Desde hace catorce años, los vigilantes de seguridad están obligados a cumplir el decreto del Ministerio del Interior que regula los requisitos que deben cumplir si quieren conseguir la correspondiente tarjeta de identidad profesional y su cartilla de tiro si utilizan armas. Entre ellos, no sólo se pide ser mayor de edad, pertenecer a determinados estados miembros de la Unión Eurropea o poseer aptitudes físicas determinadas sino también demostrar que se posee la capacidad psíquica para desempañar la tarea, tener una preparación adecuada o carecer de antecedentes penales. Y, a pesar de todo ello, de vez en cuando saltan los casos en los que se constata una fuerza desmedida, un abuso de autoridad o una utilización de armas ilegales por parte de quienes deberían velar por la seguridad en vez de quebrarla.
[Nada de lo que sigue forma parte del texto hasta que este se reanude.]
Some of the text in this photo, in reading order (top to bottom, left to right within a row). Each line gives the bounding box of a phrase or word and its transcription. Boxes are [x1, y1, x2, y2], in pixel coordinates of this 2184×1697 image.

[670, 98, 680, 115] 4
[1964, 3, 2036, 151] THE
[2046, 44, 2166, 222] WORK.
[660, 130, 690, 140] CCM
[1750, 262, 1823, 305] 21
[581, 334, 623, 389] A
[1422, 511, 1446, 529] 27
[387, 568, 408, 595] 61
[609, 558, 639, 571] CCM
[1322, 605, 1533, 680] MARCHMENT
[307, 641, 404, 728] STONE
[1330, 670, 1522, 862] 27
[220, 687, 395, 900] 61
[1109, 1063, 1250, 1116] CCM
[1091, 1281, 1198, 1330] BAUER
Quienes se mueven en el mundillo de la seguridad saben que, por el contrario, muchos de quienes ejercen la actividad de porteros en ciudades como Madrid, basan todo en la fuerza bruta. Y cuanta más mejor a juicio de determinados propietarios de discotecas y bares de copas que, por encima de todo, buscan "armarios" con dominio de técnicas de defensa personal. También saben que muchos de estos "gorilas" son muy aficionados a dotarse de "herramientas" como puños americanos, machetes y hasta armas de fuego con la excusa de que deben velar por "su" seguridad.
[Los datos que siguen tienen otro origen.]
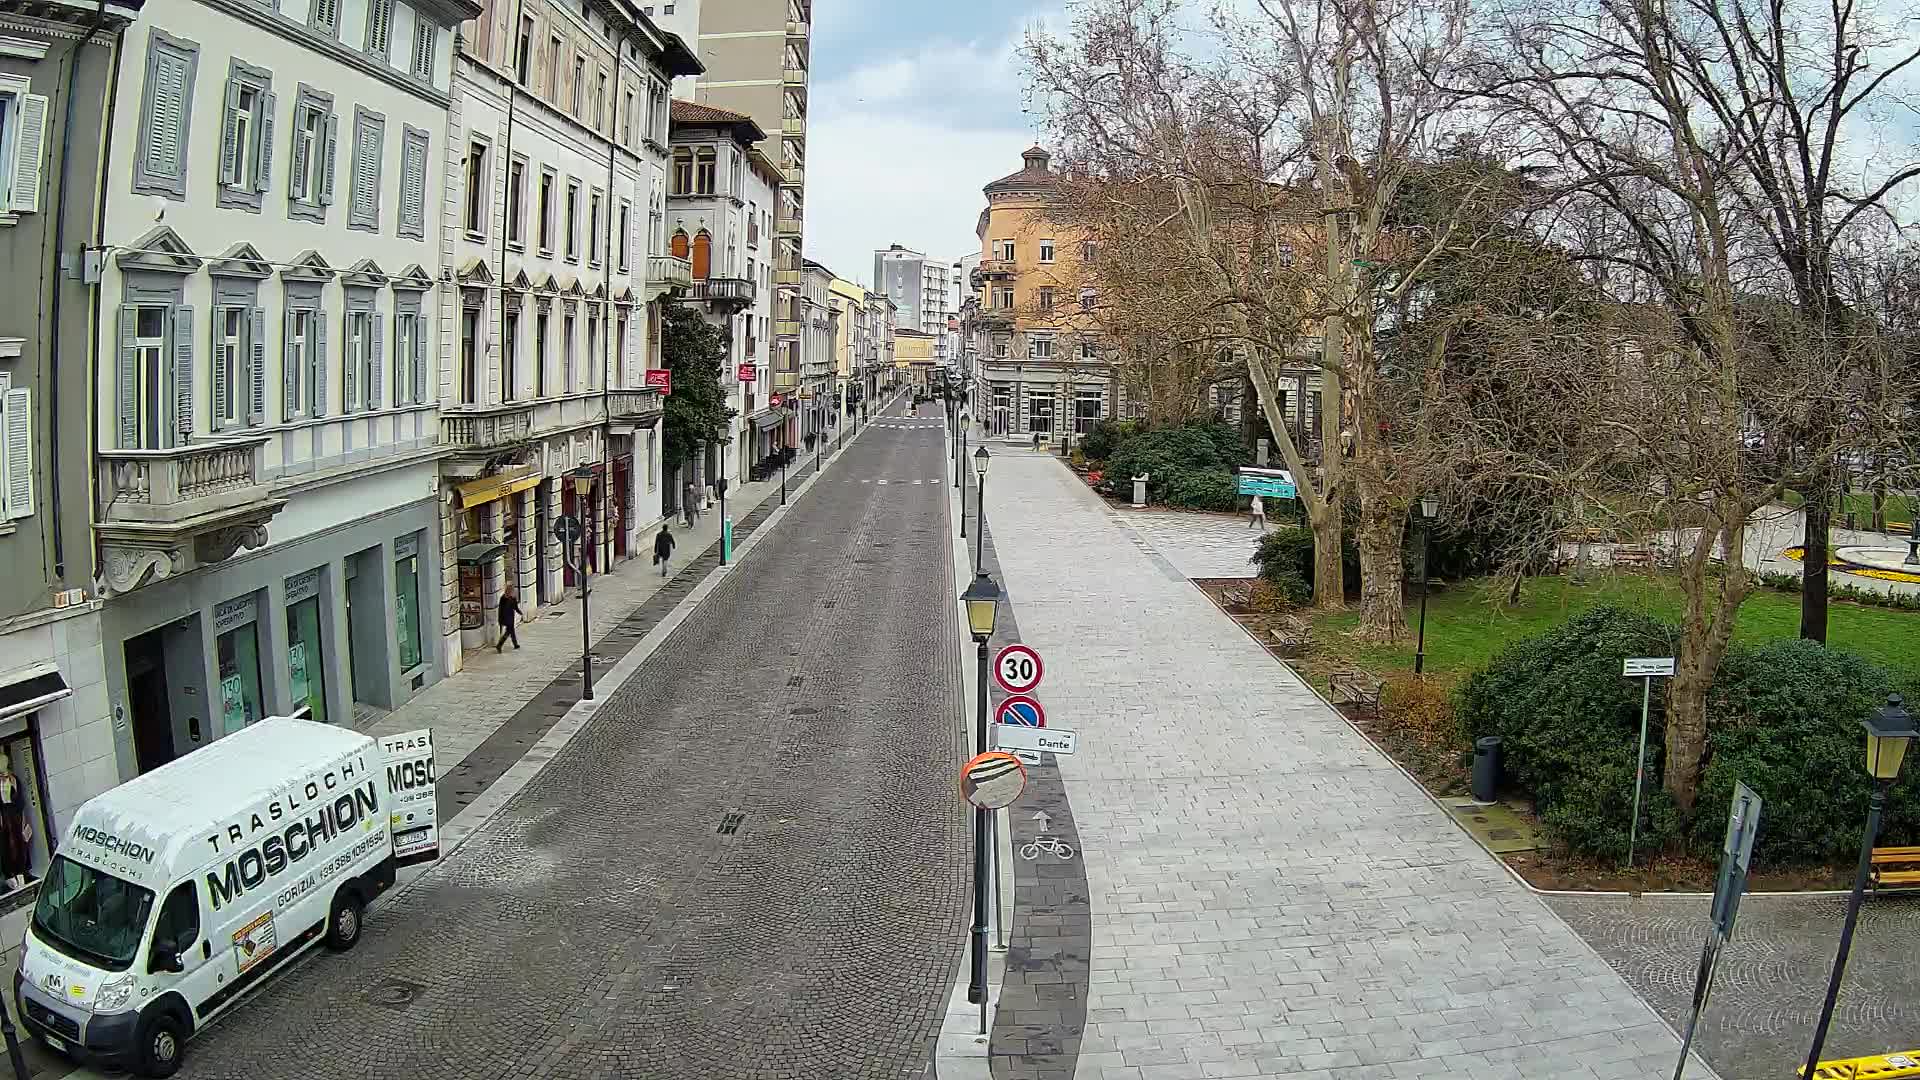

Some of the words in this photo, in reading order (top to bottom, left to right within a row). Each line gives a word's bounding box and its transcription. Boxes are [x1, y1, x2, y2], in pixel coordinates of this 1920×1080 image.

Por ello sorprende la hipocresía social cuando "ahora" se "descubre" cómo se encuentra un sector, minado por ciudadanos de países del este, muchos con pasado militar, que habían encontrado en este mundo un caldo de cultivo apropiado para desarrollarse.
Y también sorprende la reacción de las autoridades. La Comunidad que llevaba trabajando siete años en un reglamento lo ha aprobado, finalmente, en el tiempo récord de cinco días; el Ayuntamiento de Madrid que, desde marzo, acumulaba una tras otra hasta 47 denuncias contra el local a cuyas puertas murió Álvaro Ussía lo cierra en día y medio. Y a continuación, por si acaso, ordena el cierre de algunas de las salas más emblemáticas de la ciudad sin atender más que a salvar la cara.
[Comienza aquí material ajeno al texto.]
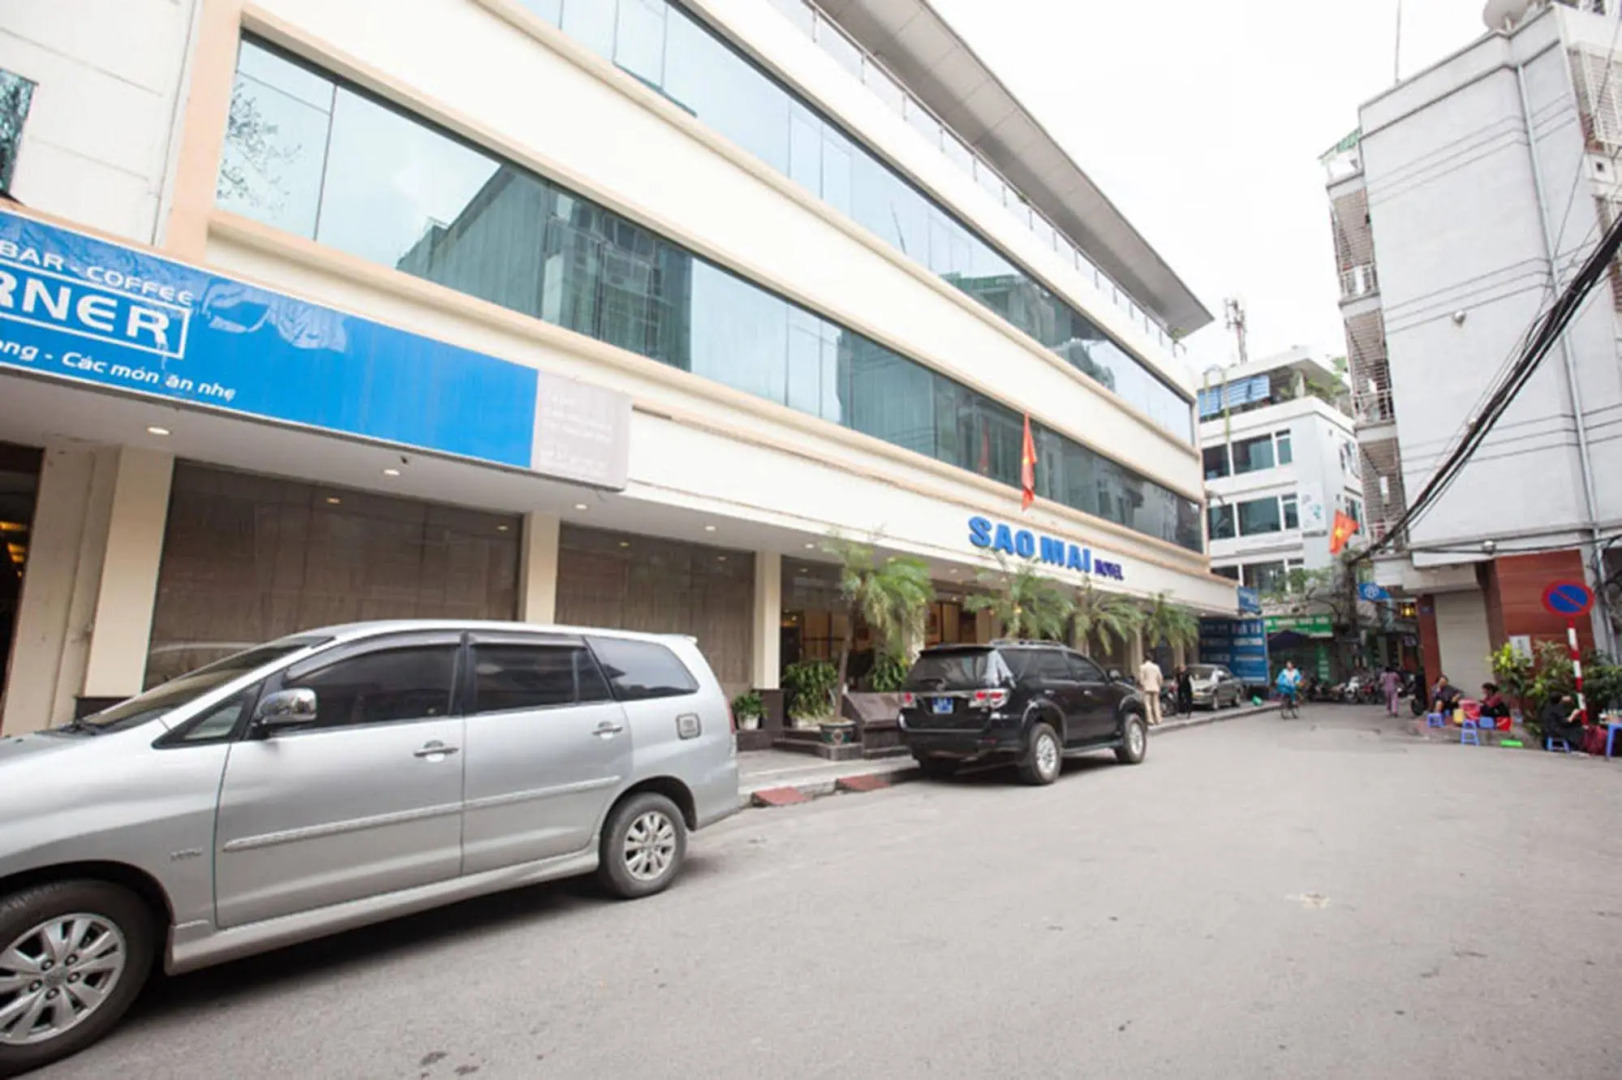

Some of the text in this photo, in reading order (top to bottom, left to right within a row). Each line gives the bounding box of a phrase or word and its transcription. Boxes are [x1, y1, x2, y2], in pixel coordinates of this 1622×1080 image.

[0, 240, 63, 271] BAR
[86, 266, 194, 307] COFFEE
[62, 351, 107, 374] Các
[110, 364, 159, 384] món
[968, 516, 1035, 558] SAO
[1040, 535, 1091, 573] MAI
Los empresarios aseguran que se ha incumplido el procedimiento administrativo y que no se ha tenido en cuenta que, con la medida municipal, se ha dejado sin trabajo a algunos centenares de personas. Los nostálgicos dicen que, con la medida, se ha dado un golpe de gracia a la noche madrileña y los más pragmáticos aseguran que con el cierre de algunas míticas salas como La Riviera, Madrid queda fuera de los circuitos de música en vivo por la falta de escenarios medianos.
Para quienes opinan que muerto el perro se acabó la rabia, la solución, aunque tardía, es la mejor de las posibles. Pero hay otros muchos que se preguntan: ¿Era esta la mejor solución en este momento de crisis? ¿no tiene el Ayuntamiento más medios que el cierre inmediato de un local para lograr que se cumplan unos reglamentos cuya estricta aplicación supondría, de hecho, el cierre de buena parte de los establecimientos públicos? ¿no es verdad que el Ayuntamiento tiene acumuladas cientos de denuncias levantadas a lo largo de los últimos meses , e incluso años, por la Policía Municipal sin que las haya podido tramitar? ¿y qué va a hacer?¿cerrar medio Madrid? Nunca es bueno adoptar medidas llevados por la urgencia y, lamentablemente, en esta ocasión se ha dado la impresión de actuar a golpes de improvisación.